Entries provided: Begin
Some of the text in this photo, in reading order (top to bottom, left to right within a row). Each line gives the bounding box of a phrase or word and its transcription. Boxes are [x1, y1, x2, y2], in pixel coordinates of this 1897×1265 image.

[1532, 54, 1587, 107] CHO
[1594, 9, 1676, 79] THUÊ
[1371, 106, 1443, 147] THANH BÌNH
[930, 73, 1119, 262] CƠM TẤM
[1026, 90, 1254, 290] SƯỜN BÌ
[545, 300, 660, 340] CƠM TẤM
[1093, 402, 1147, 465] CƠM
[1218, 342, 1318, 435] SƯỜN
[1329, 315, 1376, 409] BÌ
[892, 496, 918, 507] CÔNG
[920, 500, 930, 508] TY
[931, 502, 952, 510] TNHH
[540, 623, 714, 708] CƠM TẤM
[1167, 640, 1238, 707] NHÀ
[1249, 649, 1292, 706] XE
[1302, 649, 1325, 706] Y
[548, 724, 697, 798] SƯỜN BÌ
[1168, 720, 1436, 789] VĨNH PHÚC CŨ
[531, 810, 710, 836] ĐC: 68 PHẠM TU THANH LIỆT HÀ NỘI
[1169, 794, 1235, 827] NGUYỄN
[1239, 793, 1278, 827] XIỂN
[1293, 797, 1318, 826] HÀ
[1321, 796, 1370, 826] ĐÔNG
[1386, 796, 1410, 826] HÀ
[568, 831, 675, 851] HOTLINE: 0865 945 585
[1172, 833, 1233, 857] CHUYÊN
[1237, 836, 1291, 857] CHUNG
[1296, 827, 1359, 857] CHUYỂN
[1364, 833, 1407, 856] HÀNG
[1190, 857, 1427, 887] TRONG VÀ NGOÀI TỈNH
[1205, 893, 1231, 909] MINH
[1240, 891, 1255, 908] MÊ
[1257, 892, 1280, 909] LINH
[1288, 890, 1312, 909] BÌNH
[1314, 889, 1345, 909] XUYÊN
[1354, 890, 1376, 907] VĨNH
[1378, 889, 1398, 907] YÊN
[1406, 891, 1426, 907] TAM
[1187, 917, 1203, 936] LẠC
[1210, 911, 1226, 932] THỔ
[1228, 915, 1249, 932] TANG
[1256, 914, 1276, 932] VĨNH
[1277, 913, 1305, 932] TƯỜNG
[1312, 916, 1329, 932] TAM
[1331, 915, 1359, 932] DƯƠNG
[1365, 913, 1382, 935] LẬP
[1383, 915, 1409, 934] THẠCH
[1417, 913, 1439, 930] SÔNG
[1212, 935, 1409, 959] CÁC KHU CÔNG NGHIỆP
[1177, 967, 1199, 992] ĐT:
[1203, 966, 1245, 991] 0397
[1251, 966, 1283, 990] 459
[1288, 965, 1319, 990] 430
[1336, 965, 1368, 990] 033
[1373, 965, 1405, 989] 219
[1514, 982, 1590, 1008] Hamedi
Entries provided: End
▸ **Task goal**
Could you reproduce every record exactly as written?

▸ **Answer box**
Some of the text in this photo, in reading order (top to bottom, left to right within a row). Each line gives the bounding box of a phrase or word and its transcription. Boxes are [x1, y1, x2, y2], in pixel coordinates of this 1897×1265 image.

[1532, 54, 1587, 107] CHO
[1594, 9, 1676, 79] THUÊ
[1371, 106, 1443, 147] THANH BÌNH
[930, 73, 1119, 262] CƠM TẤM
[1026, 90, 1254, 290] SƯỜN BÌ
[545, 300, 660, 340] CƠM TẤM
[1093, 402, 1147, 465] CƠM
[1218, 342, 1318, 435] SƯỜN
[1329, 315, 1376, 409] BÌ
[892, 496, 918, 507] CÔNG
[920, 500, 930, 508] TY
[931, 502, 952, 510] TNHH
[540, 623, 714, 708] CƠM TẤM
[1167, 640, 1238, 707] NHÀ
[1249, 649, 1292, 706] XE
[1302, 649, 1325, 706] Y
[548, 724, 697, 798] SƯỜN BÌ
[1168, 720, 1436, 789] VĨNH PHÚC CŨ
[531, 810, 710, 836] ĐC: 68 PHẠM TU THANH LIỆT HÀ NỘI
[1169, 794, 1235, 827] NGUYỄN
[1239, 793, 1278, 827] XIỂN
[1293, 797, 1318, 826] HÀ
[1321, 796, 1370, 826] ĐÔNG
[1386, 796, 1410, 826] HÀ
[568, 831, 675, 851] HOTLINE: 0865 945 585
[1172, 833, 1233, 857] CHUYÊN
[1237, 836, 1291, 857] CHUNG
[1296, 827, 1359, 857] CHUYỂN
[1364, 833, 1407, 856] HÀNG
[1190, 857, 1427, 887] TRONG VÀ NGOÀI TỈNH
[1205, 893, 1231, 909] MINH
[1240, 891, 1255, 908] MÊ
[1257, 892, 1280, 909] LINH
[1288, 890, 1312, 909] BÌNH
[1314, 889, 1345, 909] XUYÊN
[1354, 890, 1376, 907] VĨNH
[1378, 889, 1398, 907] YÊN
[1406, 891, 1426, 907] TAM
[1187, 917, 1203, 936] LẠC
[1210, 911, 1226, 932] THỔ
[1228, 915, 1249, 932] TANG
[1256, 914, 1276, 932] VĨNH
[1277, 913, 1305, 932] TƯỜNG
[1312, 916, 1329, 932] TAM
[1331, 915, 1359, 932] DƯƠNG
[1365, 913, 1382, 935] LẬP
[1383, 915, 1409, 934] THẠCH
[1417, 913, 1439, 930] SÔNG
[1212, 935, 1409, 959] CÁC KHU CÔNG NGHIỆP
[1177, 967, 1199, 992] ĐT:
[1203, 966, 1245, 991] 0397
[1251, 966, 1283, 990] 459
[1288, 965, 1319, 990] 430
[1336, 965, 1368, 990] 033
[1373, 965, 1405, 989] 219
[1514, 982, 1590, 1008] Hamedi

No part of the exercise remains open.